《QUEEN OF DEATH ✔》FORTY NINE

Advertisement

HERA TOOK ME TO A LONELY HILL SLEEPING IN THE BACK OF OLYMPUS.

Sitting on the steps with nothing but Hades' last gift to me in hand, I looked at the sunlight dappling over the morning peaks with painted gold.

Such radiance. Such brilliance. And all of it lost on me.

The first time she'd led me to this wide, open mansion, Hera had flung the doors open, her eyes sparkling with joy like an unrequited lover. Cheeks pink as a winter apple, she turned to me, grinning.

"No one knows this place exists. I come here whenever Zeus pisses me off. Which is often, by the way."

The floors were a deep green granite, the shimmering veins of silver shooting through the tiles like a cracking star. The first time my foot touched them, I shuddered. So cold. The floor was so cold.

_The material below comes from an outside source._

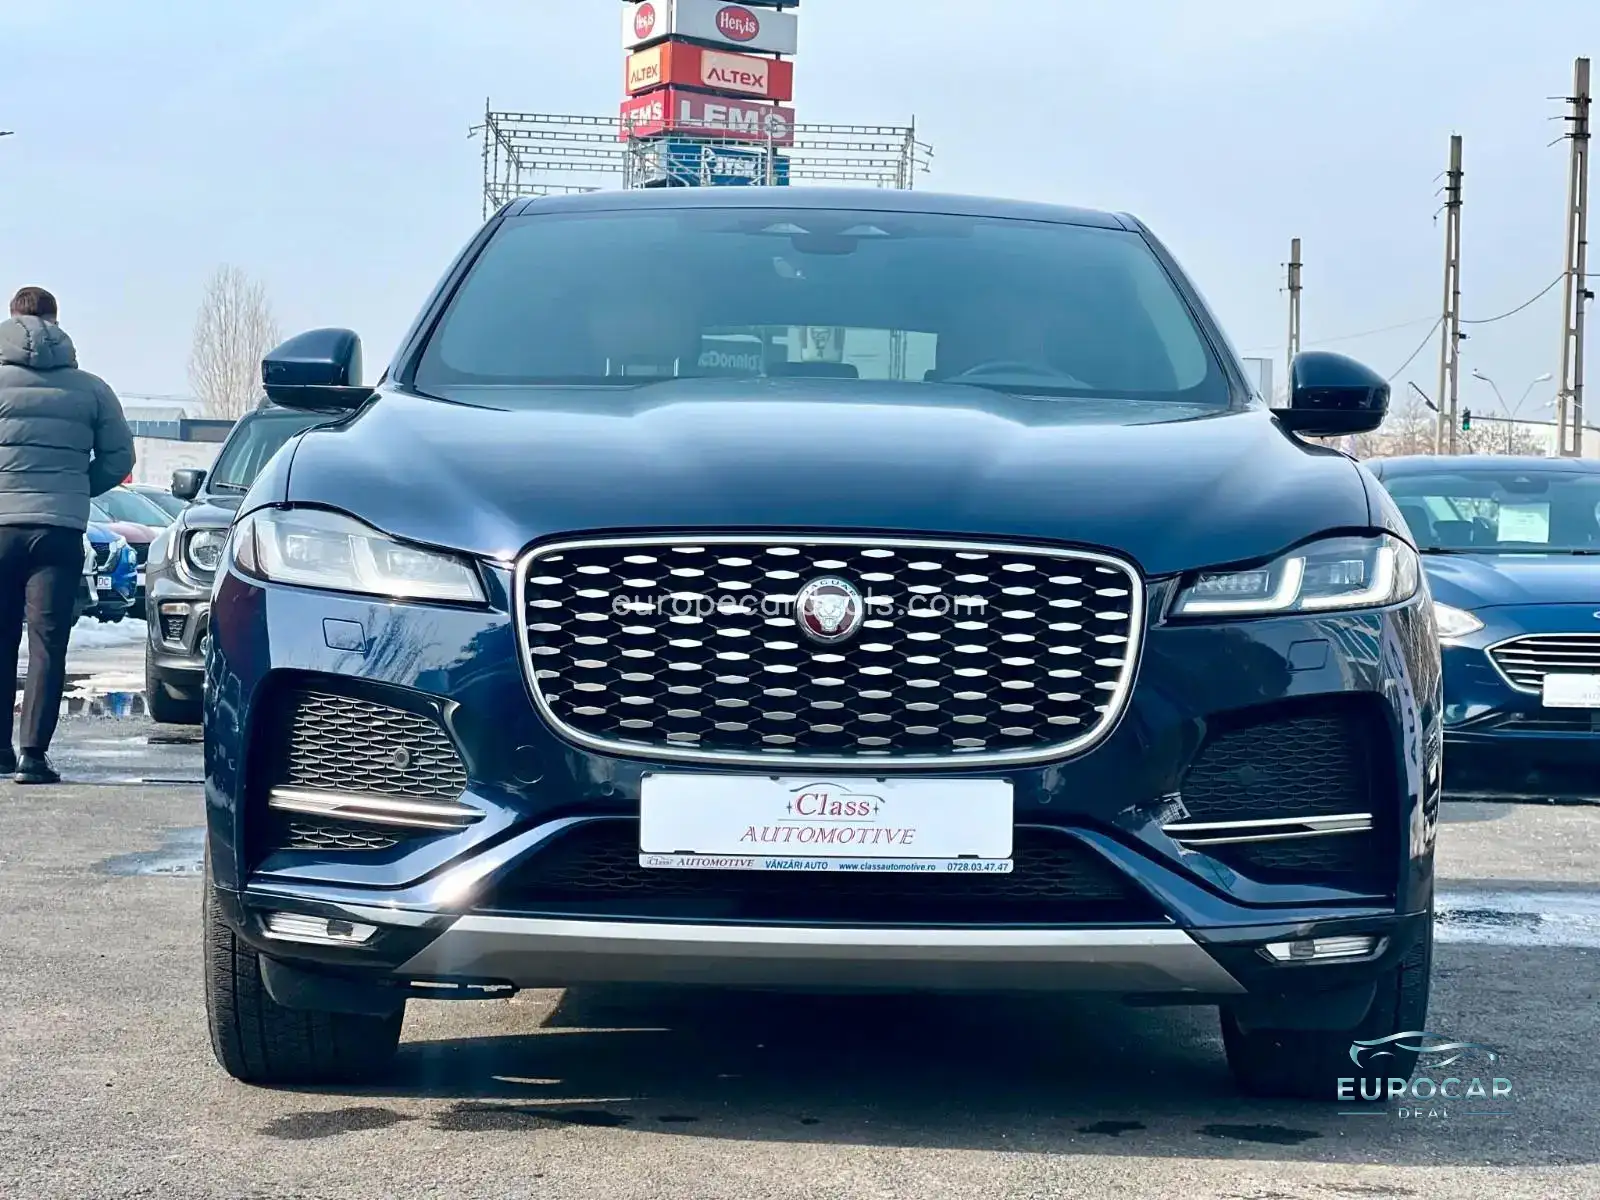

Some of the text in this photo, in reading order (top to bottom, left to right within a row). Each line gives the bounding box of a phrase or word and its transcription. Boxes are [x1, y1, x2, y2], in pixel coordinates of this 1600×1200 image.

She'd gone on opening the windows, drawing back the curtains - leading me in like an excited girl in a candy shop. It was two stories high, her retreat - embellished with quiet, gurgling fountains scented with fresh pine, vanilla white candles glowing in the corners. In the center of the hall, a deep pool of water shimmered darkly, steam wafting from it. There were all but five attendants, Hera's nymphs - who lived in the smaller, servants quarters. They didn't talk, not unless you spoke to them first.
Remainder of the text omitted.